Nos activités en mer créent de plus en plus de déchets qui impactent les fonds marins. C’est notamment le cas de ceux émis dans les grandes zones urbaines littorales et des engins de pêches abandonnés qui laissent des traces jusque dans les grandes profondeurs de la Méditerranée.

Les images de déchets observés jusque dans les fosses abyssales les plus profondes de la planète sont de plus en plus nombreuses. Même la fosse des Mariannes, avec ses presque 11 000 m de profondeur, n’est pas épargnée par ce phénomène. Si la présence de déchets à de grandes profondeurs est attestée, qu’en est-il de leur impact sur les habitats et la biodiversité ?

Même avec les moyens techniques actuels il est difficile de mener des études scientifiques à grande profondeur. Les humains n’ont pas directement accès à ce milieu qui semble aussi ardu à atteindre que l’espace. Ce sont donc principalement des sous-marins et des robots filoguidés (des ROV1) bardés d’instruments que nous envoyons dans les abysses pour en apprendre plus sur leur fonctionnement et leur richesse en organismes vivants.

Si nos connaissances des écosystèmes profonds est au mieux parcellaire, celle de l’impact de nos déchets est quasiment nulle. C’est dans l’optique de commencer à combler ce fossé de notre savoir scientifique qu’une équipe internationale, composée de chercheurs italiens, français et monégasques, a étudié la répartition des déchets et leur effet sur les communautés benthiques2 sur sept monts sous-marins entre 350 m et 2 200 m de profondeur dans la mer de Ligure en Méditerranée.

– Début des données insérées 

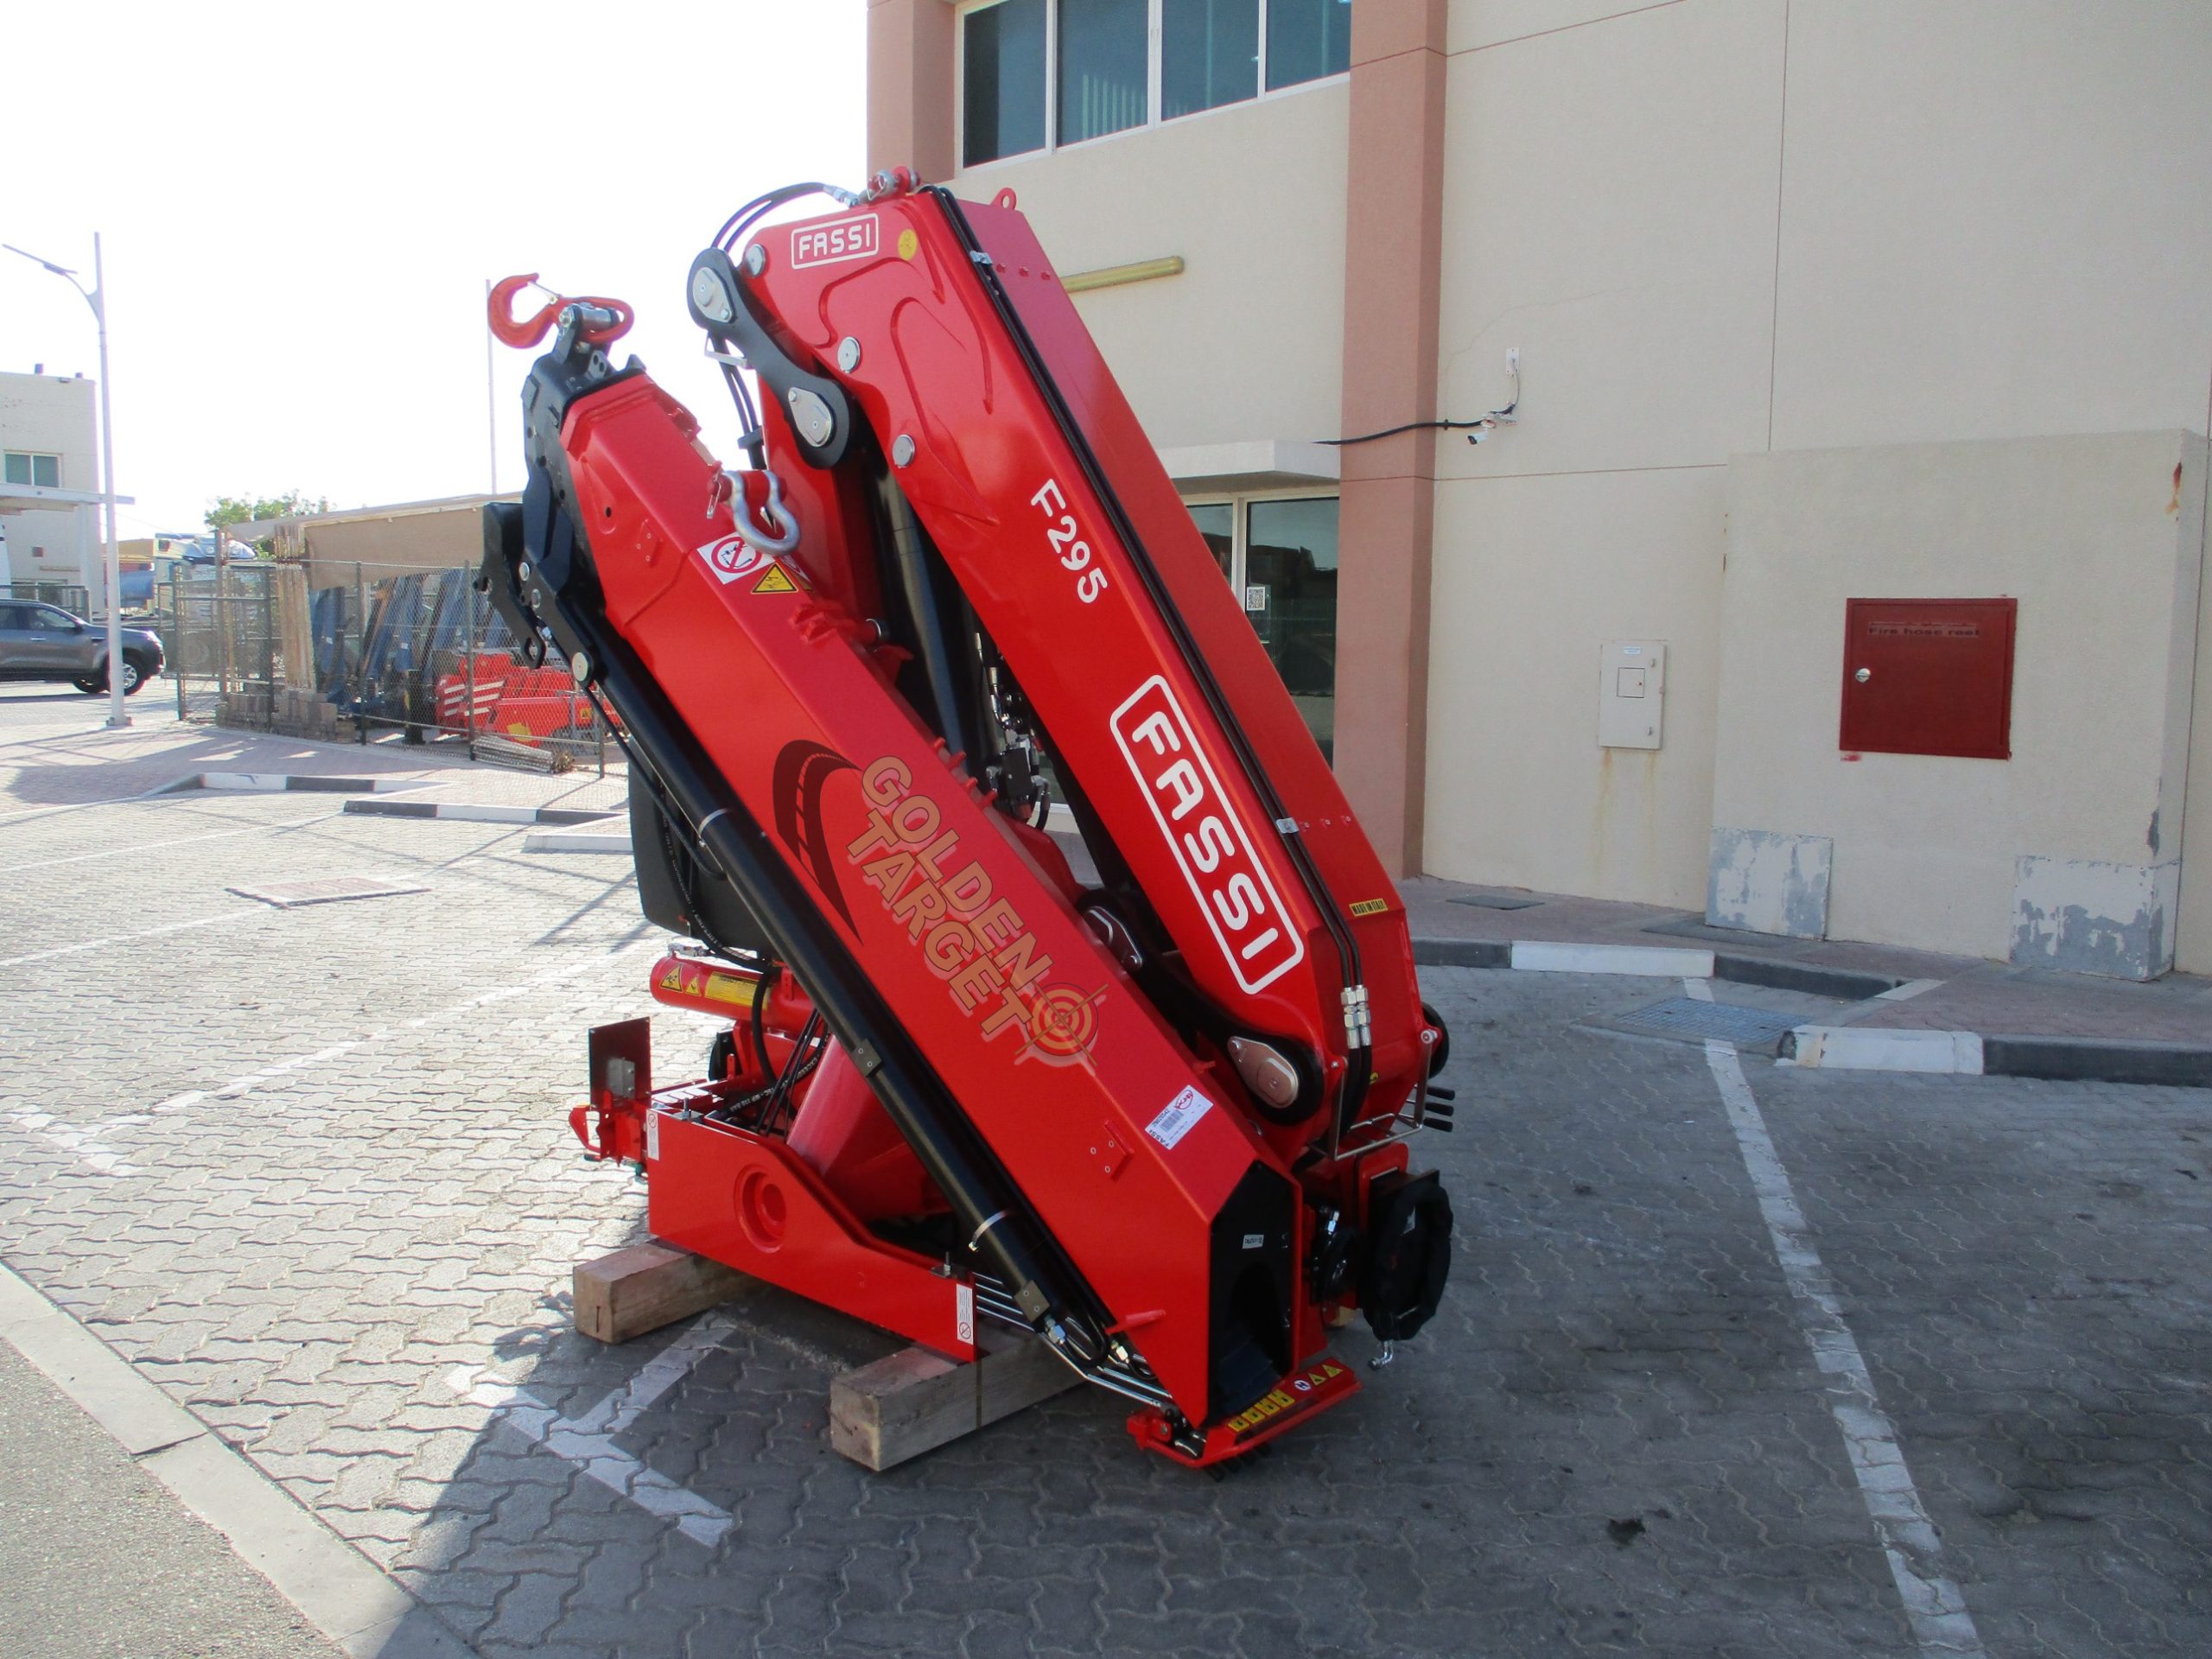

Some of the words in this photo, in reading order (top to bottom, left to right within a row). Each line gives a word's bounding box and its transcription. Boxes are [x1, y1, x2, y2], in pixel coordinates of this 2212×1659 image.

[798, 223, 871, 259] FASSI
[1030, 478, 1109, 604] F295
[1904, 627, 1942, 636] hose
[1948, 628, 1980, 637] reel
[846, 807, 1034, 1036] TARGET
[861, 755, 1055, 992] GOLDEN
[1131, 710, 1279, 961] FASSI

Pour cartographier avec précision ces fonds méconnus, un sondeur multifaisceaux (un équipement acoustique permettant de cartographier de grandes surfaces) a été monté sur un ROV. Des caméras haute résolution équipaient également le ROV, l’analyse des images permettant de différencier les déchets urbains (plastiques, métaux) de ceux liés à l’activité de pêches (fils, filets, flotteurs).

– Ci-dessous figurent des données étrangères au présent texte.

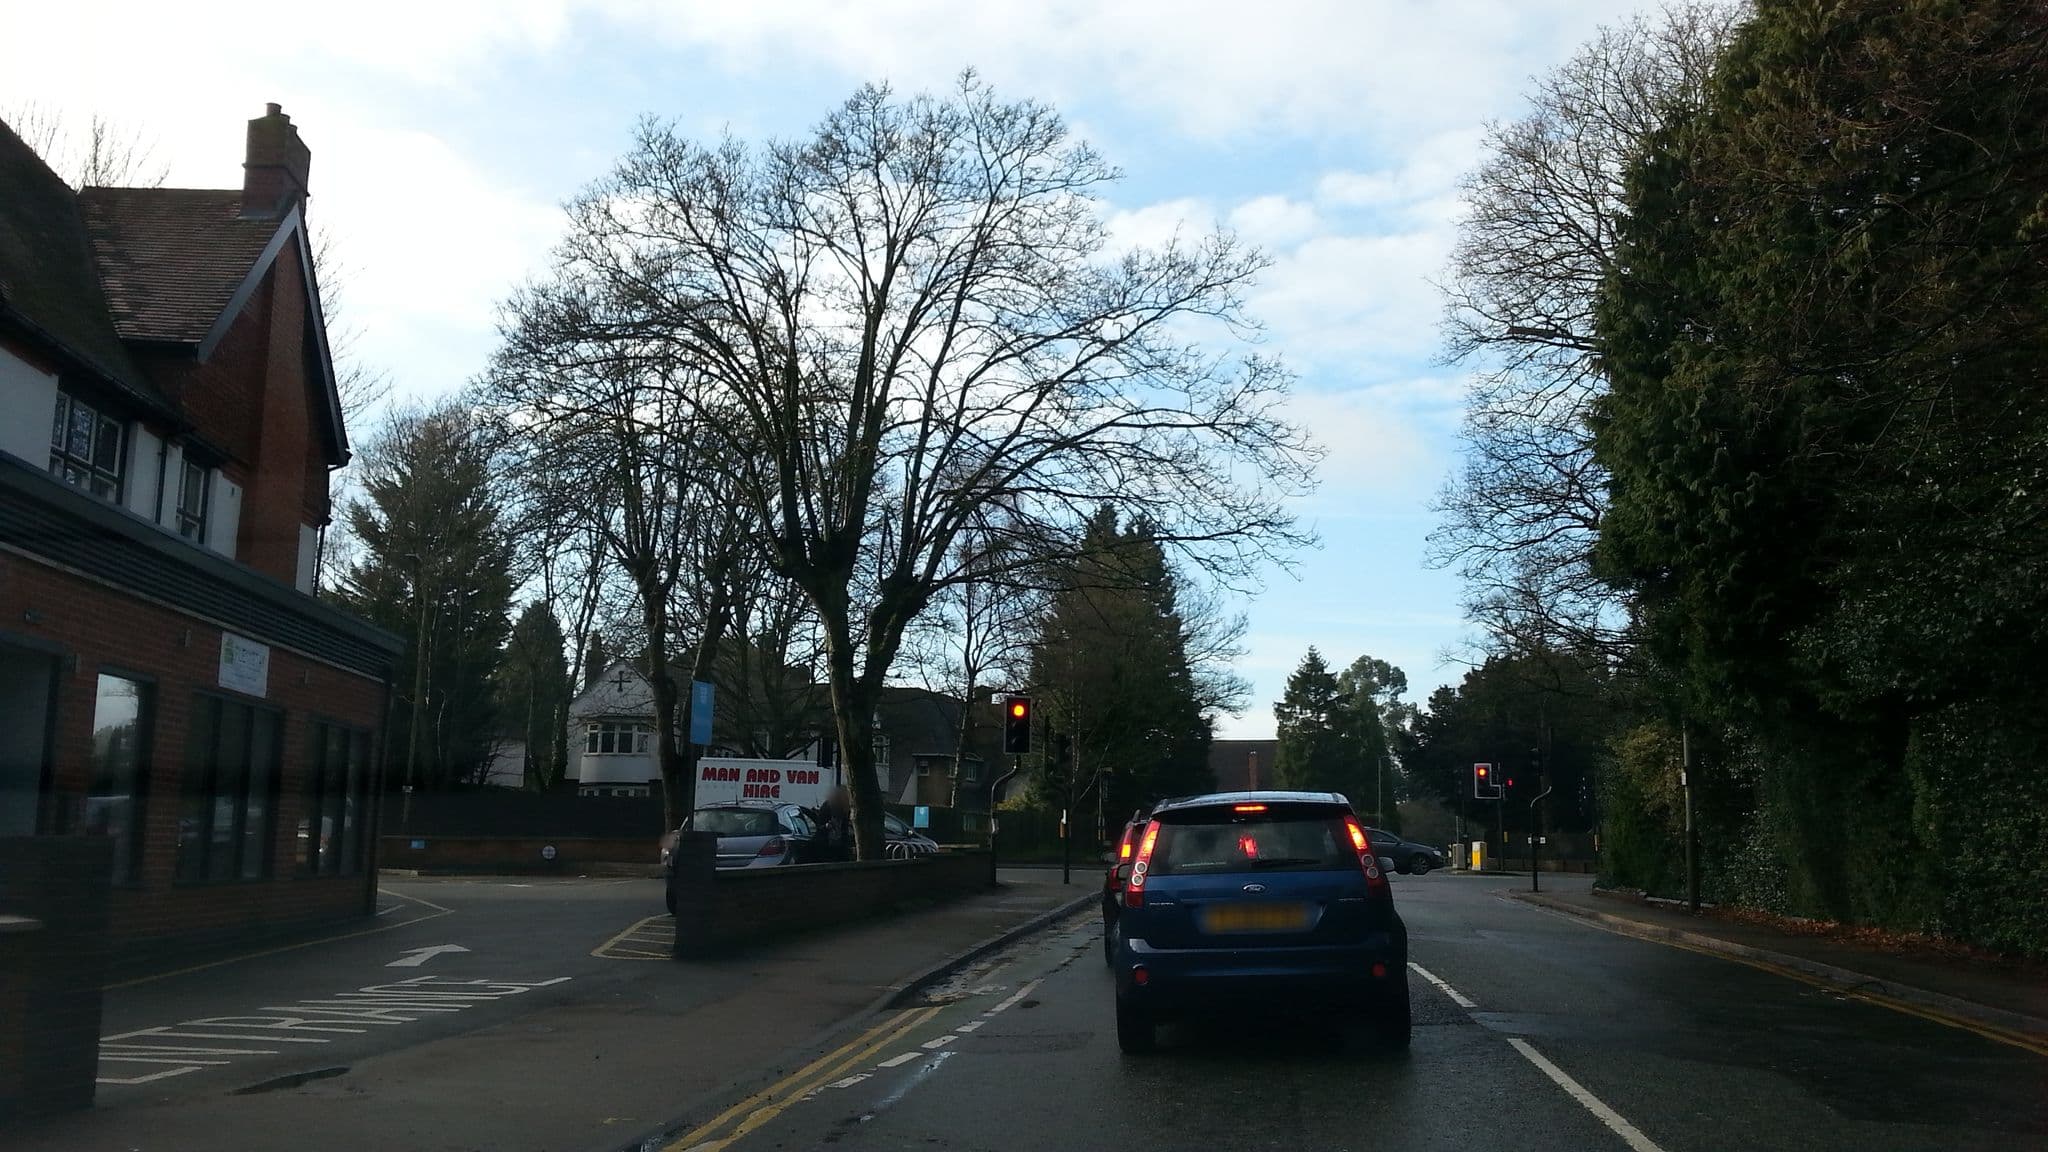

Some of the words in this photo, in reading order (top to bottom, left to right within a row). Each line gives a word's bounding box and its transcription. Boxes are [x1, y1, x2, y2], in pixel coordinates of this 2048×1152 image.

[702, 767, 740, 781] MAN
[747, 769, 780, 783] AND
[787, 770, 819, 784] VAN
[743, 784, 780, 798] HIRE

Cette investigation a fournit des résultats inédits dont notamment une information quantitative sur le nombre de déchets présents sur les grands fonds. Une densité de déchets de 38 000 objets par kilomètre carré a ainsi pu être observée à 2 200 m. Cette étude apporte de nouvelles informations sur le type de fonds sur lesquels se déposent les déchets. Les déchets urbains s’accumulent sur les fonds meubles (les sédiments) tandis que les déchets de pêche sont principalement observés sur les étages rocheux supérieurs des monts sous-marins. Ils impactent notamment plus de 10 % des peuplements de gorgones profonds.

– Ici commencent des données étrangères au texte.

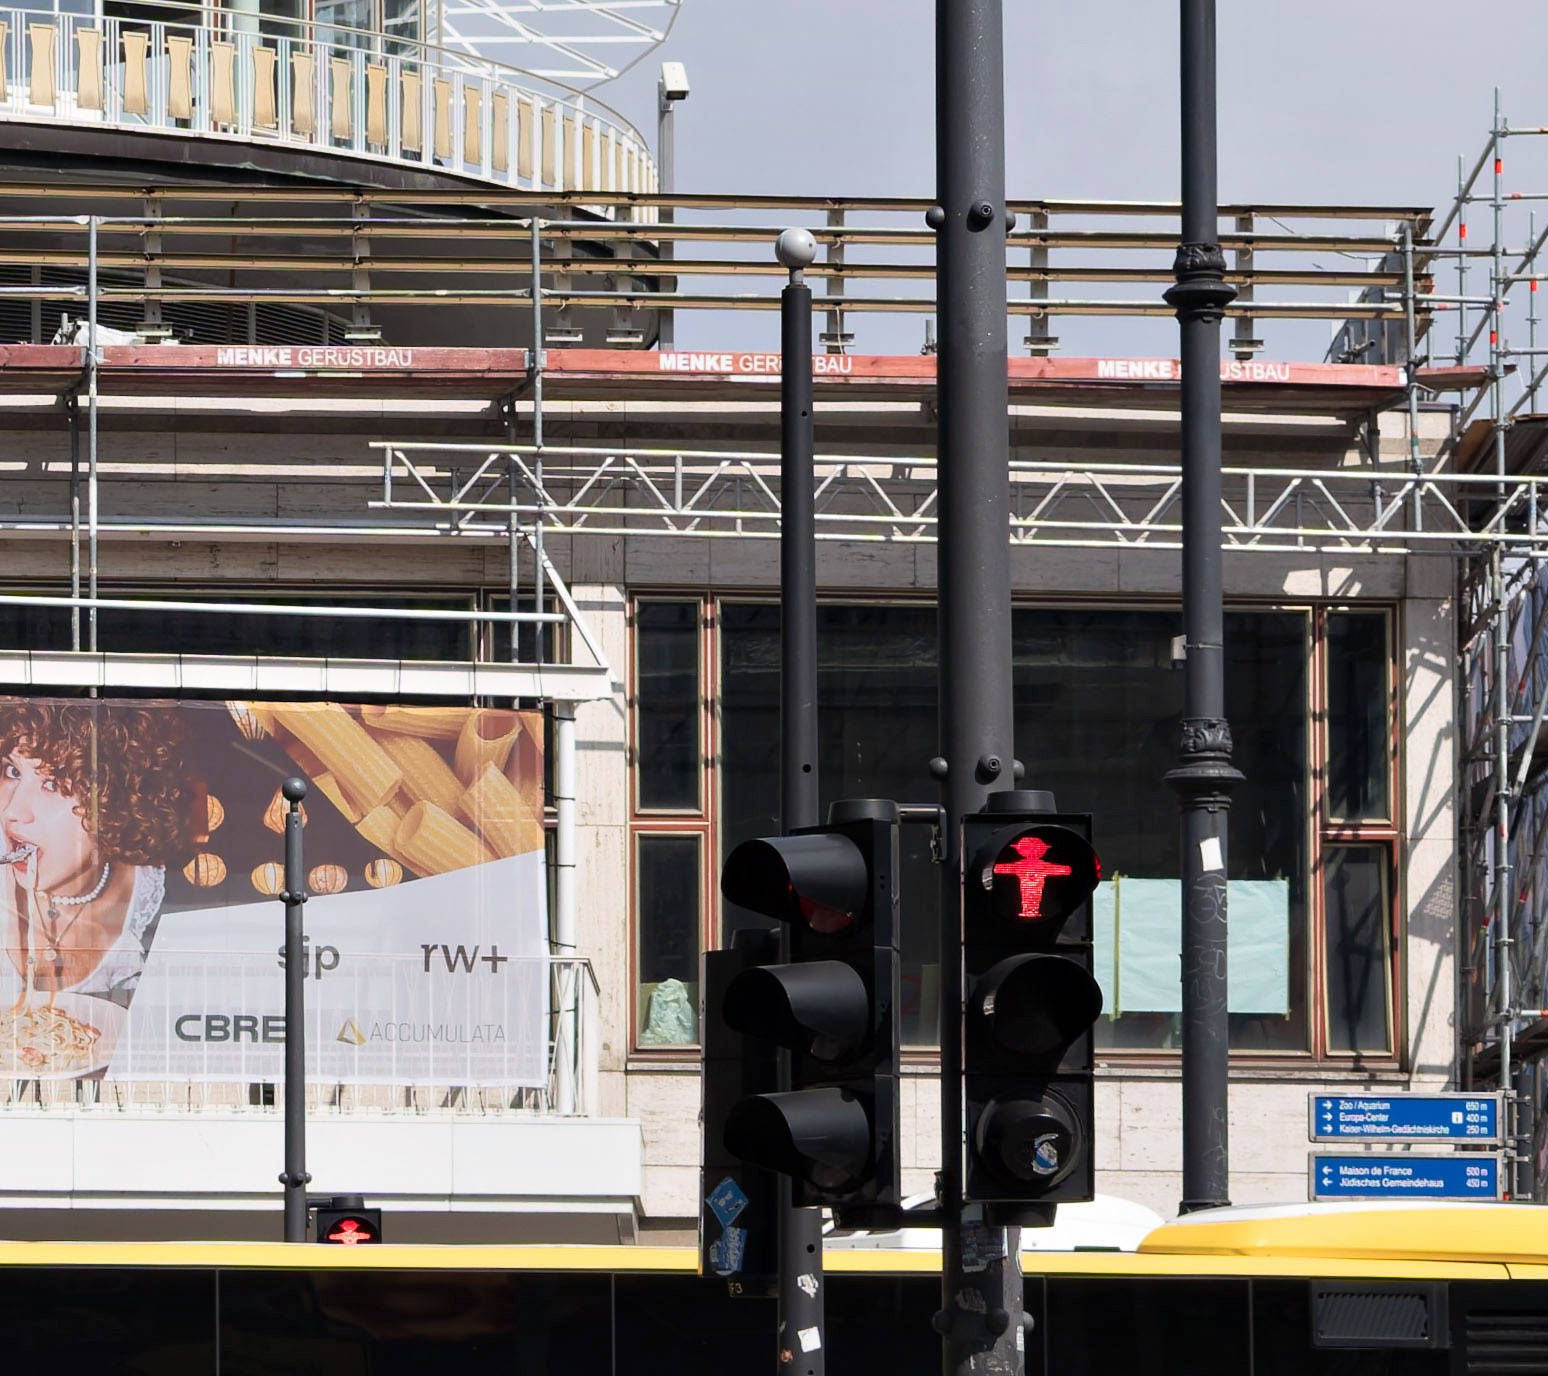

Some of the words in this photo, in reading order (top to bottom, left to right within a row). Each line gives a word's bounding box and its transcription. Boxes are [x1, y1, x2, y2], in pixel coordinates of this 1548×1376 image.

[217, 348, 292, 365] MENKE
[298, 349, 412, 367] GERÜSTBAU
[659, 354, 733, 372] MENKE
[739, 355, 852, 374] GERBAU
[1097, 361, 1173, 378] MENKE
[420, 943, 508, 974] rw+
[174, 1014, 286, 1044] CBRE
[370, 1022, 506, 1044] ACCUMULATA
[1339, 1101, 1354, 1110] Zoo
[1358, 1101, 1391, 1112] Aquarium
[1466, 1102, 1479, 1110] 650
[1339, 1113, 1389, 1123] Europa-Center
[1466, 1114, 1479, 1122] 400
[1339, 1125, 1450, 1134] Kaiser-Wilhelm-Gedächtniskirche
[1466, 1126, 1479, 1134] 250
[1339, 1167, 1370, 1175] Maison
[1371, 1167, 1382, 1175] de
[1384, 1167, 1412, 1175] France
[1466, 1167, 1479, 1176] 500
[1339, 1178, 1380, 1187] Jüdisches
[1382, 1178, 1444, 1187] Gemeindehaus
[1466, 1179, 1479, 1188] 450

Nos déchets ont donc un réel impact sur les espaces profonds de la Méditerranée. Les dommages aux écosystèmes observés durant cette étude sont jugés irréversibles et mettent en évidence la nécessité de mettre en place des mesures de gestion fortes pour réduire fortement la quantité de déchets rejetée en mer.


Référence : Angiolillo, M., Gérigny, O., Valente, T., Fabri, M. C., Tambute, E., Rouanet, E., … & Galgani, F. (2021). Distribution of seafloor litter and its interaction with benthic organisms in deep waters of the Ligurian Sea (Northwestern Mediterranean). Science of The Total Environment, 788, 147745 : https://www.sciencedirect.com/science/article/abs/pii/S0048969721028163?via%3Dihub


Glossaire

1ROV : Remotely Operated Vehicle, un petit robot sous-marin contrôlé à distance généralement filoguidé

2Communautés benthiques : les organismes aquatiques (marins ou dulcicoles) vivant à proximité du fond des mers et océans, des lacs et cours d’eau.